— А здесь мы поставим перегородку из гипрока. Нет, лучше стеклоблоки. Сейчас это модно, я в журнале видел. И вот этот угол срежем, чтобы коридор расширить.
Вадим расхаживал по комнате, размахивая рулеткой, как дирижерской палочкой. Его ботинки — остроносые, начищенные до неестественного блеска, — звонко цокали по старому, но крепкому паркету.
Маша стояла в дверном проеме, скрестив руки на груди. Ей не нравилось, как он по-хозяйски оглядывает ее стены. Не как муж, который собирается здесь жить, а как оценщик, прикидывающий ликвидность лота.
— Вадим, — тихо, но твердо произнесла она. — Мы еще не подали заявление.

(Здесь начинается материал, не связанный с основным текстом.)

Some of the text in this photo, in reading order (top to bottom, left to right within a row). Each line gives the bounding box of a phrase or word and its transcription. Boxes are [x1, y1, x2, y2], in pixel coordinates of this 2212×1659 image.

А ты уже стены ломаешь.
— Ну так это вопрос времени! — он обернулся, и на его лице, гладком, словно только что распаренном в бане, заиграла та самая улыбка, которая полгода назад заставила Машу поверить в существование нормальных мужиков. — Машуль, ну чего тянуть? Квартира «убитая», ремонт просится. Я договорился с бригадой, ребята надежные, сделают скидку.
Маша перевела взгляд на паркет. «Убитая». Этой квартире, доставшейся от деда-профессора, требовалась косметика, да. Но называть эти высокие потолки и дубовые двери «убитыми» мог только человек, выросший в пластиковом новоделе.

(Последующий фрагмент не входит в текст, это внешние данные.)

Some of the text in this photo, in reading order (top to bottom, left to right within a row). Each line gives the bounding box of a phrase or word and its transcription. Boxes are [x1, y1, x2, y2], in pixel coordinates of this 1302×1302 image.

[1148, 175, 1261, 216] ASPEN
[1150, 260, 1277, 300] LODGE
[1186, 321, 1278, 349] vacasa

— Денег на капитальный ремонт у меня сейчас нет, — отрезала она. — Я только кредит за машину закрыла.
— Так я вложусь! — Вадим подскочил к ней, обдавая запахом дорогого, но резкого одеколона. — Мы же семья, почти. Мои деньги — твои деньги. Сделаем конфетку, продадим подороже, и возьмем в ипотеку трешку в том комплексе, на набережной. Помнишь, мы мимо ездили?
Внутри у Маши сработала сигнализация. Тонкий, противный зуммер, который обычно предупреждал ее о некачественных накладных на работе.

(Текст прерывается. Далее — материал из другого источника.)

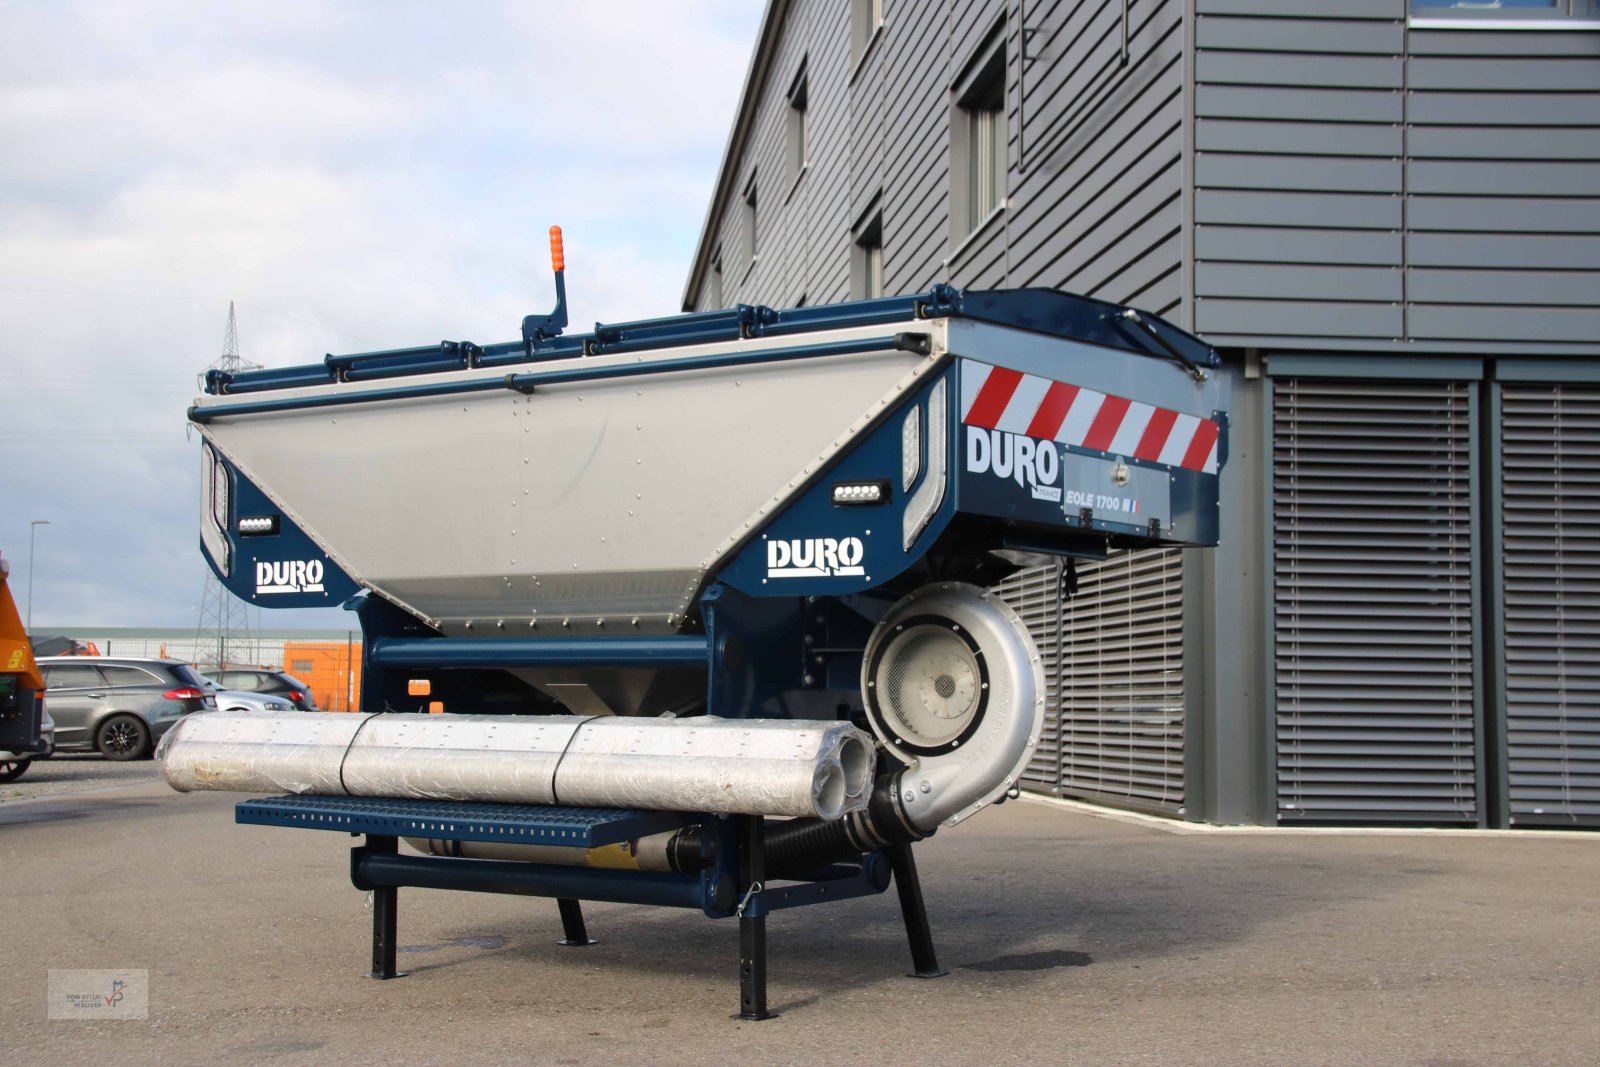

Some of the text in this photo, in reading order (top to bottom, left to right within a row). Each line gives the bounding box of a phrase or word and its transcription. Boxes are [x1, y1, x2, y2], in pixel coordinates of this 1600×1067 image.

[967, 425, 1059, 491] DURO
[1039, 489, 1059, 499] FRANCE
[1066, 490, 1120, 510] EOLE 1700
[767, 537, 864, 573] DURO
[256, 559, 324, 589] DURO

— Продадим? — переспросила она, глядя ему прямо в переносицу.
— Ну конечно! Зачем нам этот старый фонд? Трубы гнилые, соседи — бабки сумасшедшие. А там — панорамные окна, консьерж, статус! Мамка моя, кстати, говорит, что сейчас самый рынок продавать. Она у меня в этих делах шарит, глаз — алмаз.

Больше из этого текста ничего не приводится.